* SUPPLIED ENTRIES *
========

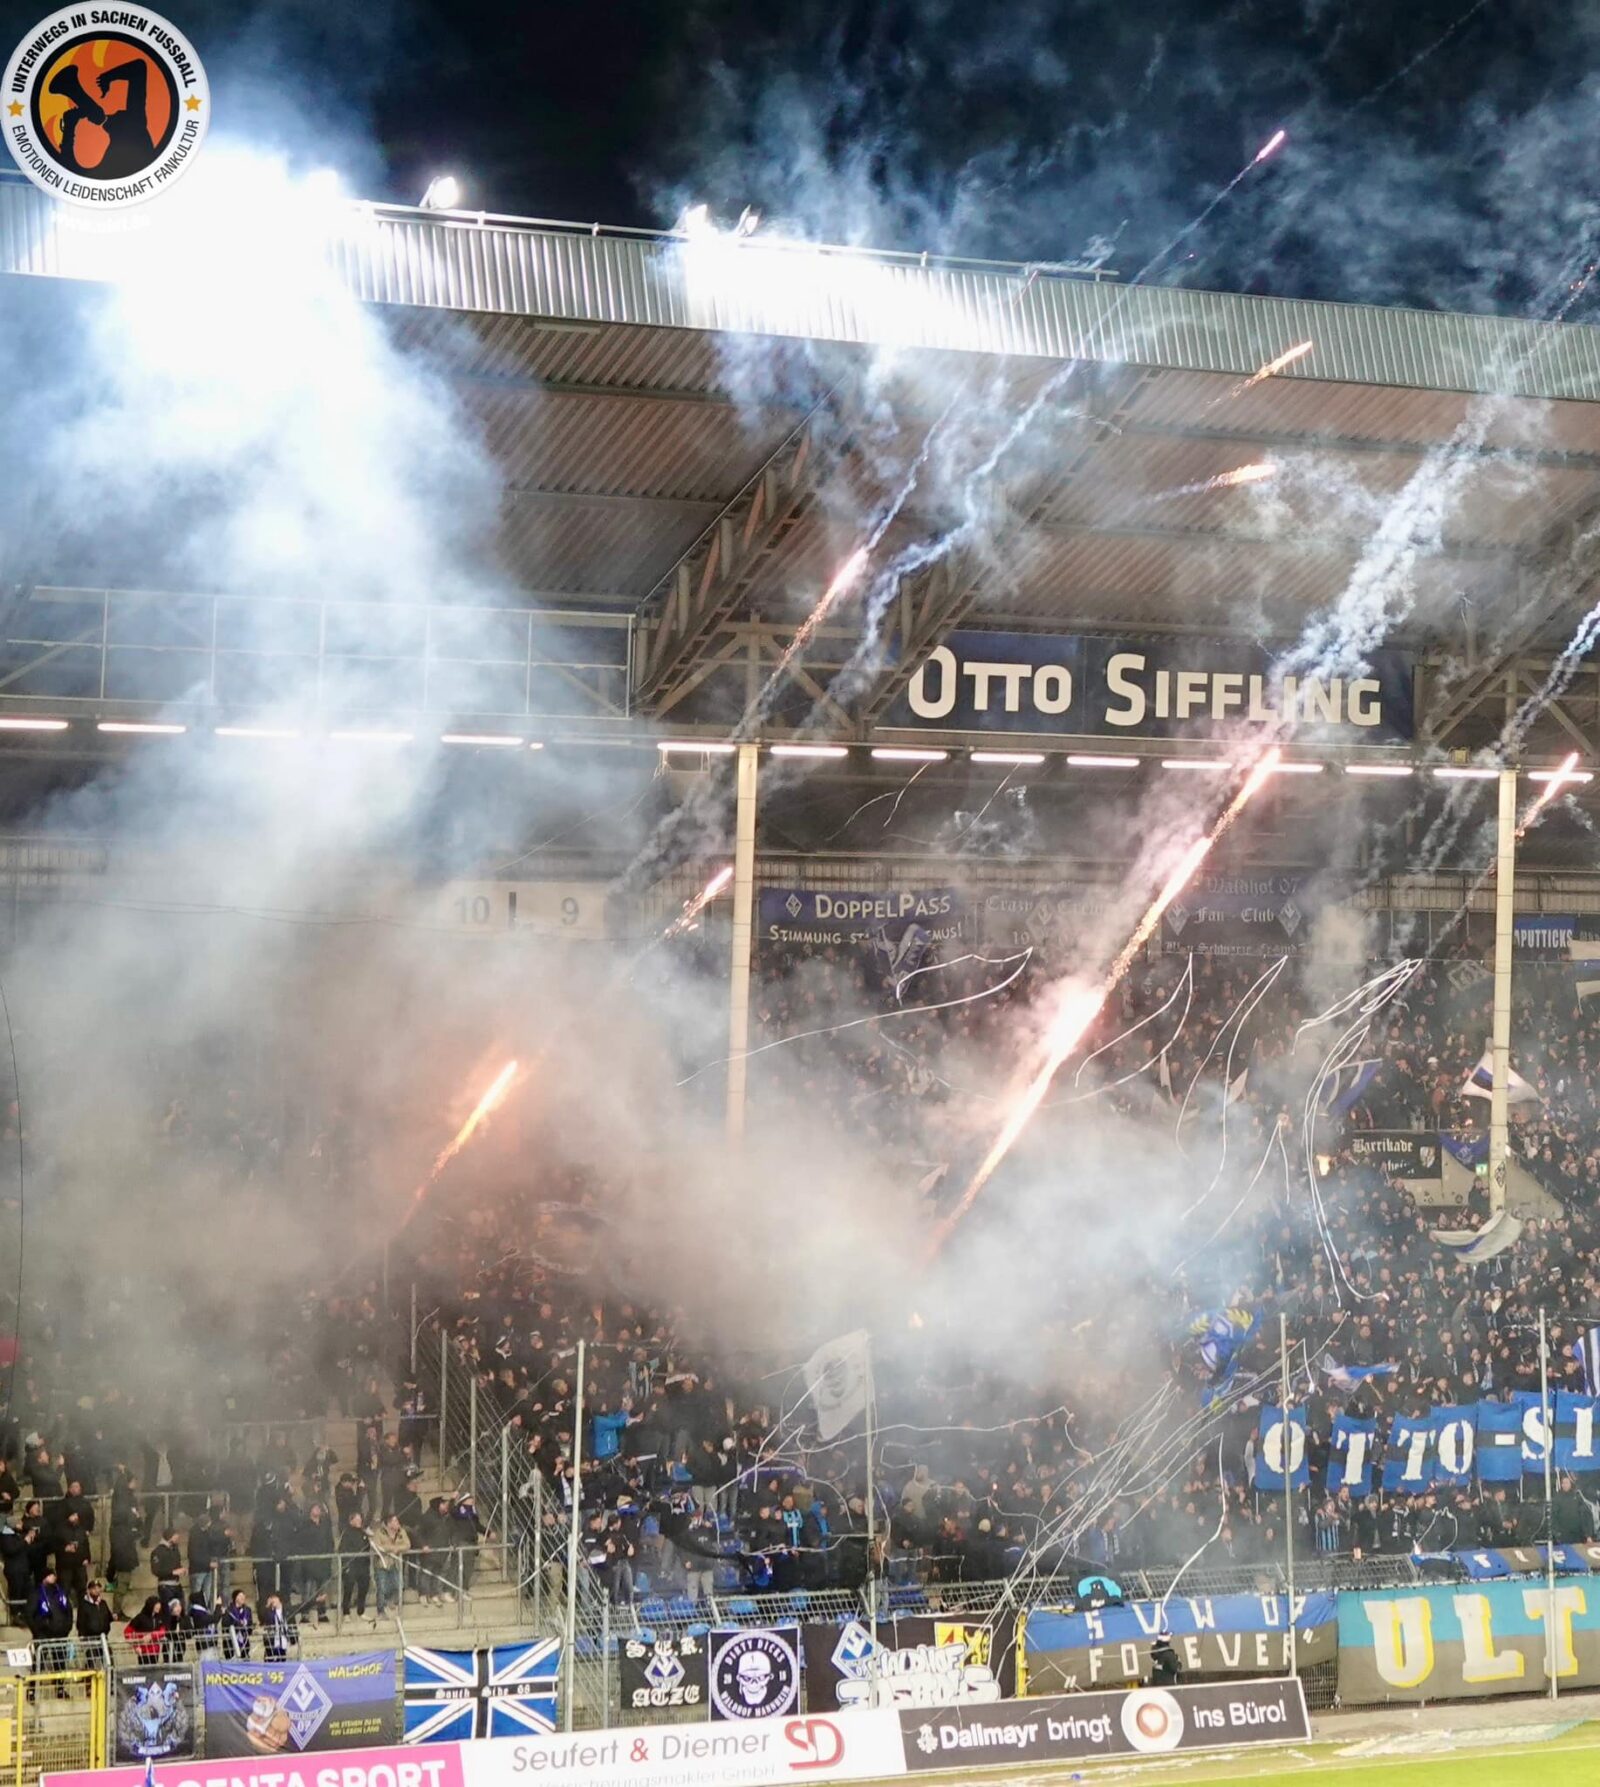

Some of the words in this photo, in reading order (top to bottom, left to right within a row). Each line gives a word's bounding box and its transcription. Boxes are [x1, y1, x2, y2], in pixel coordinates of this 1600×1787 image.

[908, 644, 1072, 719] OTTO
[1104, 653, 1381, 727] SIFFLING
[453, 895, 491, 924] 10
[561, 896, 579, 926] 9
[815, 892, 951, 919] DOPPELPASS
[1241, 907, 1275, 923] Club
[770, 925, 841, 944] STIMMUNG
[1352, 1137, 1413, 1154] Barrikade
[329, 1663, 383, 1679] WALDHOF
[1193, 1705, 1225, 1728] ins
[1230, 1698, 1286, 1725] Büro!
[939, 1721, 1038, 1750] Dallmayr
[1047, 1713, 1113, 1744] bringt
[512, 1738, 618, 1772] Seufert
[630, 1738, 649, 1762] &
[662, 1731, 771, 1760] Diemer

========

* WORK TO BE COMPLETED *
Write out each entry word for word, images excluded.

* SOLVED EXERCISE *
Some of the words in this photo, in reading order (top to bottom, left to right within a row). Each line gives a word's bounding box and its transcription. Boxes are [x1, y1, x2, y2], in pixel coordinates of this 1600×1787 image.

[908, 644, 1072, 719] OTTO
[1104, 653, 1381, 727] SIFFLING
[453, 895, 491, 924] 10
[561, 896, 579, 926] 9
[815, 892, 951, 919] DOPPELPASS
[1241, 907, 1275, 923] Club
[770, 925, 841, 944] STIMMUNG
[1352, 1137, 1413, 1154] Barrikade
[329, 1663, 383, 1679] WALDHOF
[1193, 1705, 1225, 1728] ins
[1230, 1698, 1286, 1725] Büro!
[939, 1721, 1038, 1750] Dallmayr
[1047, 1713, 1113, 1744] bringt
[512, 1738, 618, 1772] Seufert
[630, 1738, 649, 1762] &
[662, 1731, 771, 1760] Diemer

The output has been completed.